For those I have not personally thanked: I wanted to say a HUGE THANK YOU!
The last 2 years have been the hardest of my life, but for those who have helped practically and prayed / sent love – I am deeply, deeply grateful. From myself, Sharmini and the children – thank you – I would not have made it without your support.
For nearly a year I could not get up – I was literally confined to a table in the front room lying on my stomach. Even a short stint upright on crutches had major consequences. It was deeply humbling for me – even more so when people who cared visited.
In the worst times I would have taken any substance offered to lessen the pain – I simply could not handle it. Your prayers were heard. I don’t say that I made it through as I really didn’t. I wanted to die, despite taking anything and everything they prescribed (which was totally against my conviction). So many times I nearly called the ambulance as had been directed – even though it would likely end in me being cripple for good if I did.

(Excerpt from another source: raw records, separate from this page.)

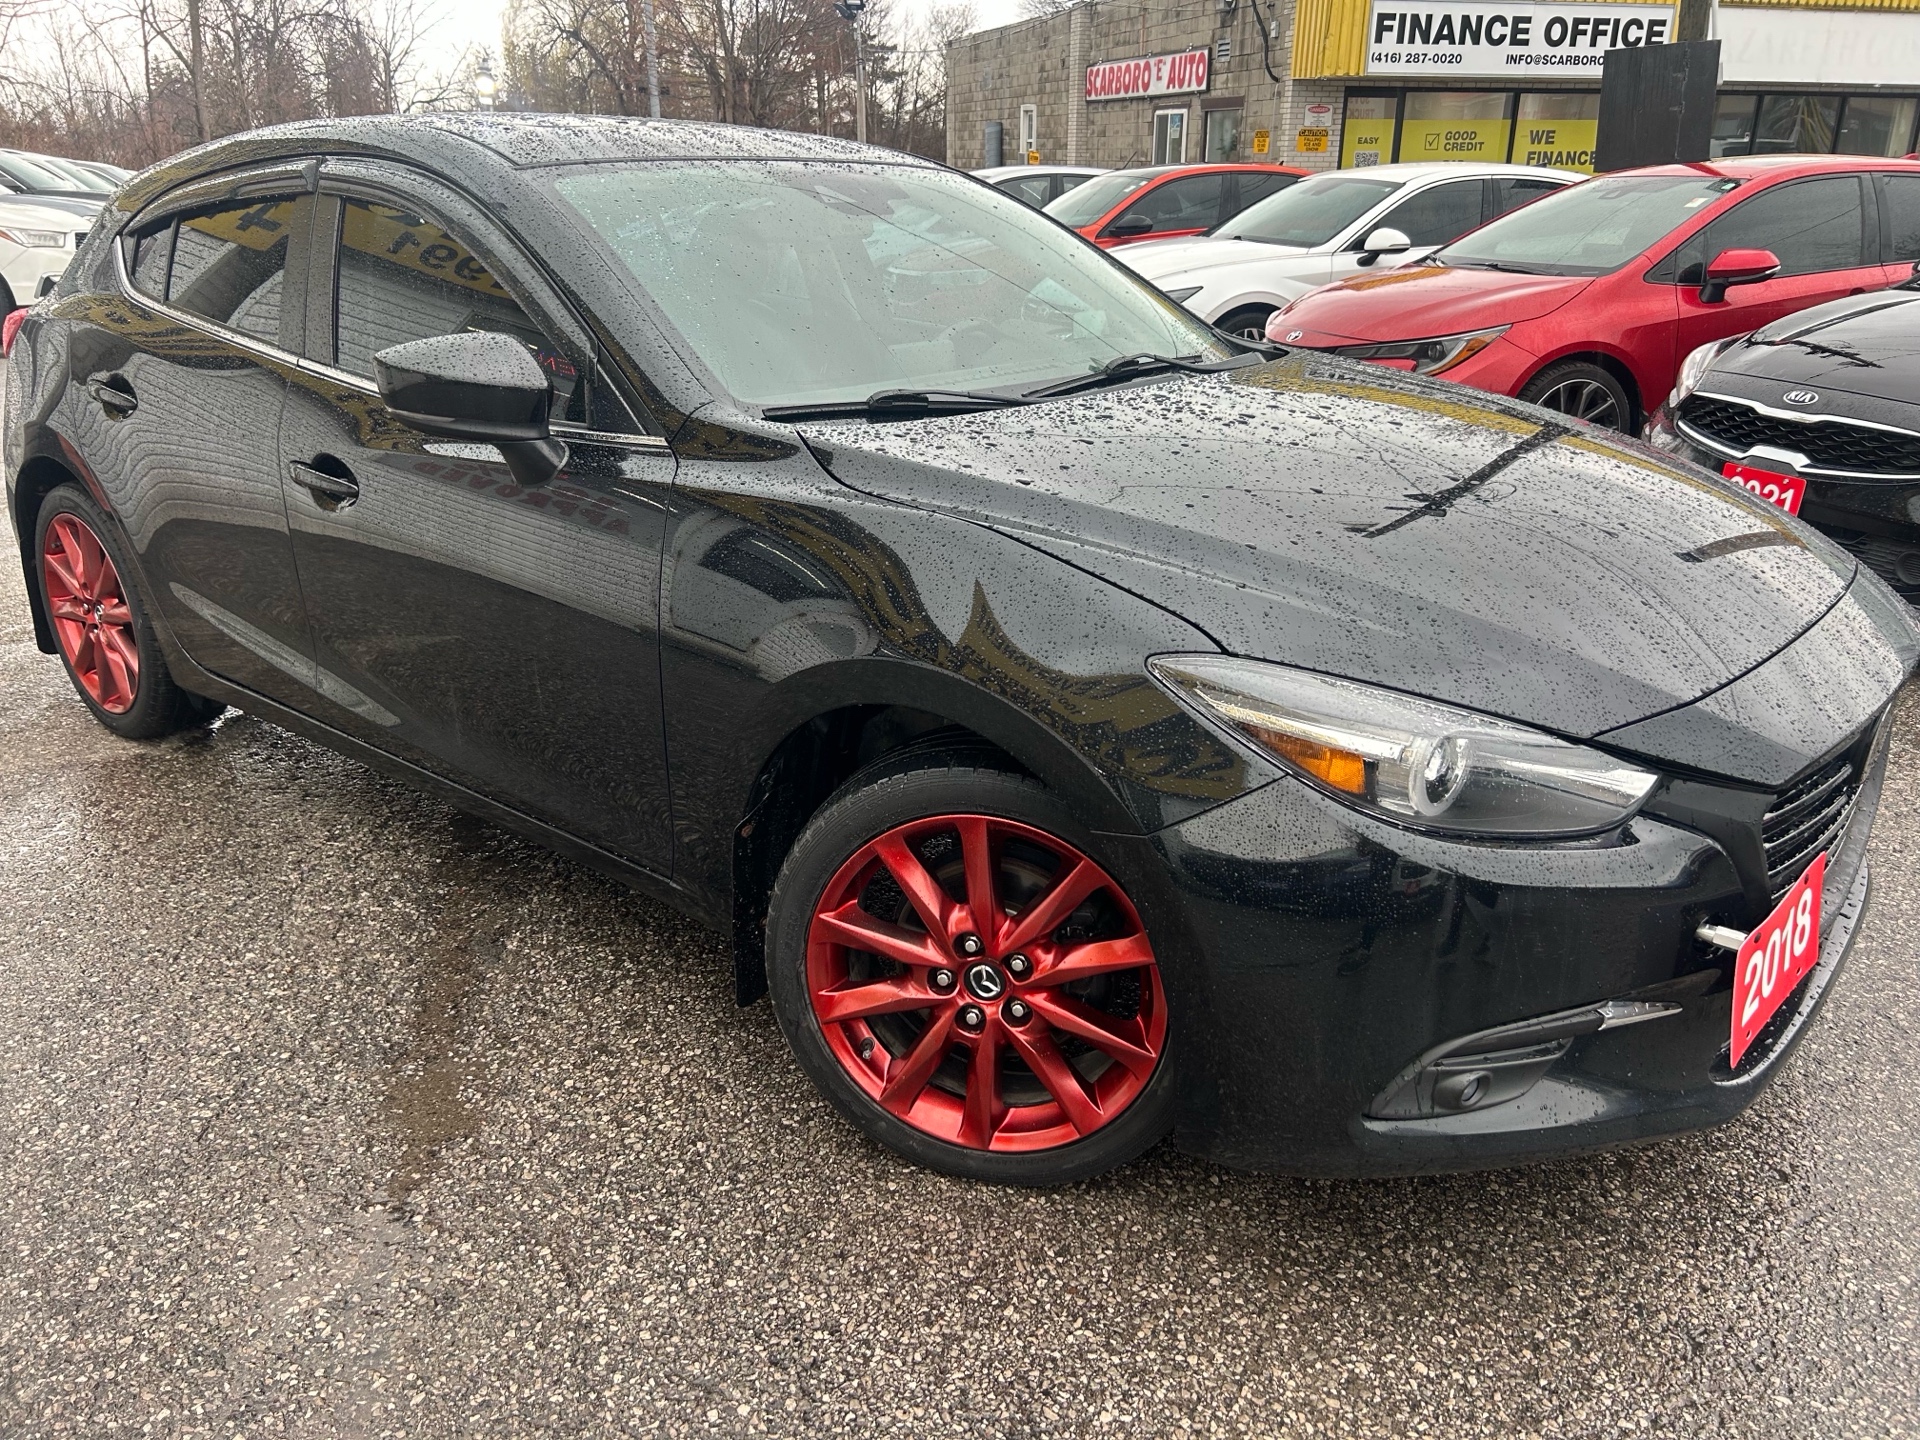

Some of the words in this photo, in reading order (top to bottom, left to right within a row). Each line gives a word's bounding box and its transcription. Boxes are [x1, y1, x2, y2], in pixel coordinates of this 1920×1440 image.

[1374, 12, 1532, 47] FINANCE
[1544, 16, 1667, 48] OFFICE
[1371, 52, 1401, 63] (416)
[1405, 53, 1463, 64] 287-0020
[1506, 54, 1604, 66] INFO@SCARBORO
[1087, 60, 1151, 98] SCARBORO
[1166, 52, 1206, 90] AUTO
[1445, 131, 1477, 141] GOOD
[1529, 130, 1556, 145] WE
[1443, 142, 1484, 151] CREDIT
[1526, 150, 1596, 166] FINANCE
[1787, 390, 1812, 402] KIA
[1741, 887, 1813, 1028] 2018

My poor wife had to experience me being so low and totally out of action. The man she married to take care of her & support her, completely useless & beside himself, wanting to die. Unable to move or work or travel or even think straight and definitely not leading the family in anything including towards God.
I am deeply grateful for her response: she prayed & asked her friends to do the same. She took up the slack around the home & led the kids in all kinds of jobs she didn’t know about. She parented for two and tried to help me in whatever way she could. And she kept not only relying on God – but serving Him.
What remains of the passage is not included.